Subject: What the hell is it??
Geographic location of the bug: Bassenthwaite Cumbria England
Date: 07/01/2018
Time: 12:20 PM EDT
Your letter to the bugman: Please help me with what the hell this is!!
How you want your letter signed: Gail.
Dear Gail,
Congratulations on being chosen Bug of the Month for July 2018 with your query of this Giant Horse Fly, in the genus Tabanus. You are the third identification request we have received this week, and we quickly linked to a Huffington Post posting. We cannot tell due to the camera angle if this is a male or female Giant Horse Fly. Males in the genus have compound eyes that nearly touch one another while the eyes of the female have a space between them.
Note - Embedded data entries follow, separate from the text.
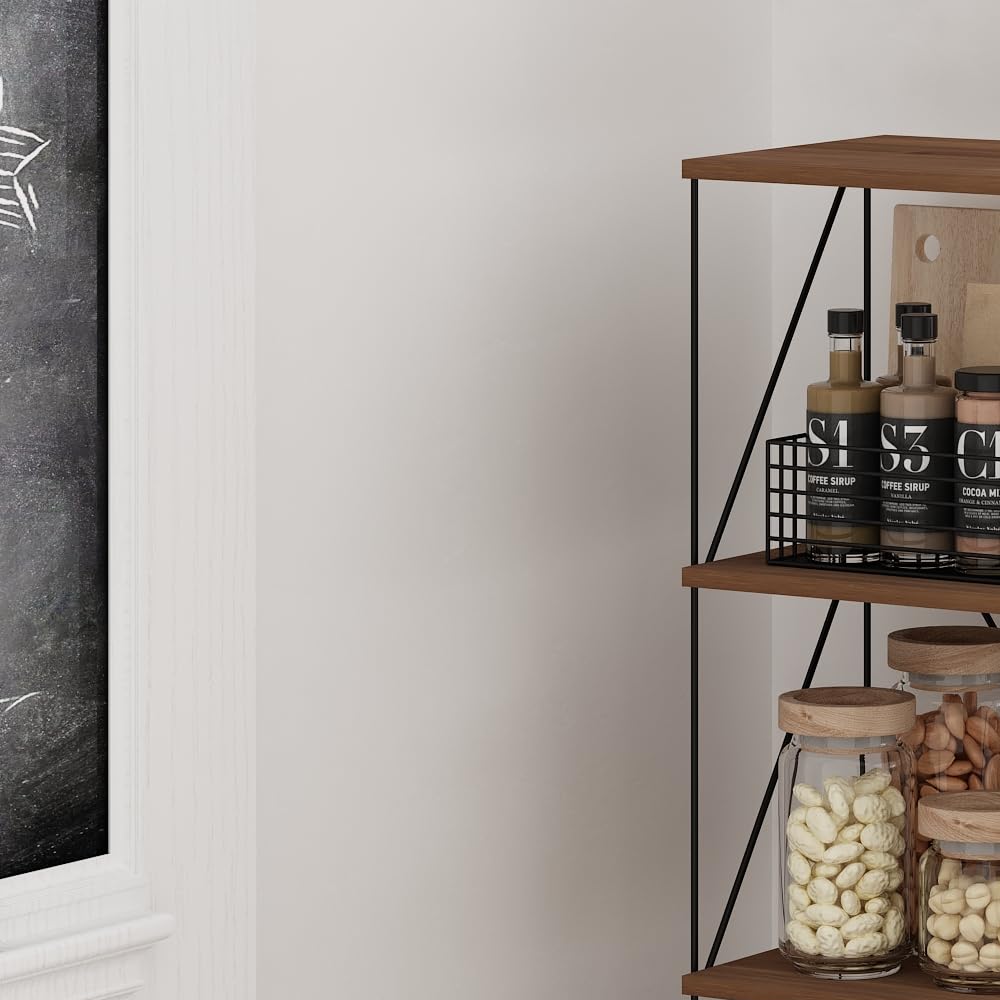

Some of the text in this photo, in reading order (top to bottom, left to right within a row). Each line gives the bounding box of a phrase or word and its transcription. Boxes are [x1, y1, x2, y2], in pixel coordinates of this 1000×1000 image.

[808, 418, 854, 468] S1
[880, 422, 931, 473] S3
[808, 474, 856, 486] COFFEE SIRUP
[881, 479, 930, 492] COFFEE SIRUP
[962, 486, 987, 498] COCOA
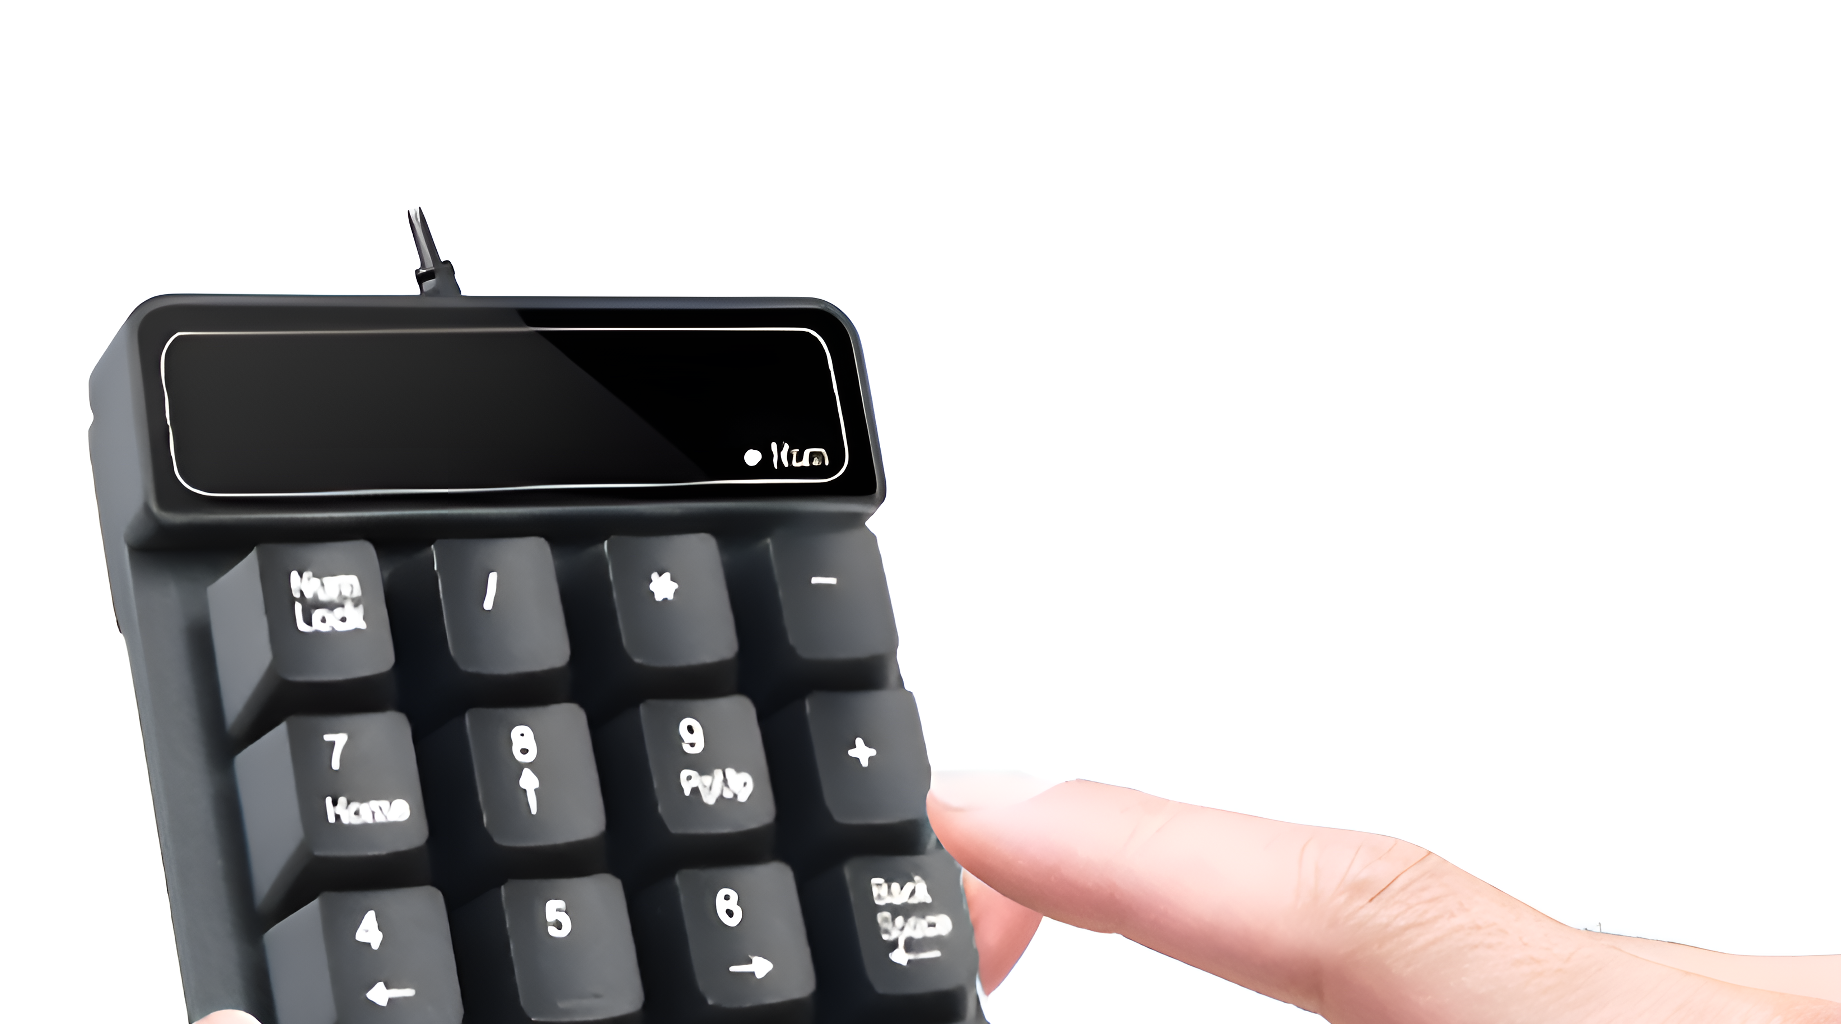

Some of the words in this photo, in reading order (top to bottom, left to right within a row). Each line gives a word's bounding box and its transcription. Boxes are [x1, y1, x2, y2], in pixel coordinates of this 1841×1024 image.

Only the female Giant Horse Fly will bite as the male does not feed on blood which is necessary for the female to lay viable eggs. That blood generally comes from livestock including horses and cattle, but when livestock or other large mammals are not available, the opportunistic Horse Flies might bite humans, but try to remember after viewing the images on that Huffington Post article that most encounters between humans and Horse Flies do not end with bites. The Gadfly that tormented Io in Greek mythology was most likely a Giant Horse Fly as Wikipedia confirms. Long ago, the mythological Io was also the inspiration for the name of the lovely North American Io Moth as was consistent with the pattern set with 18th Century taxonomists like Linnaeus and Fabricius.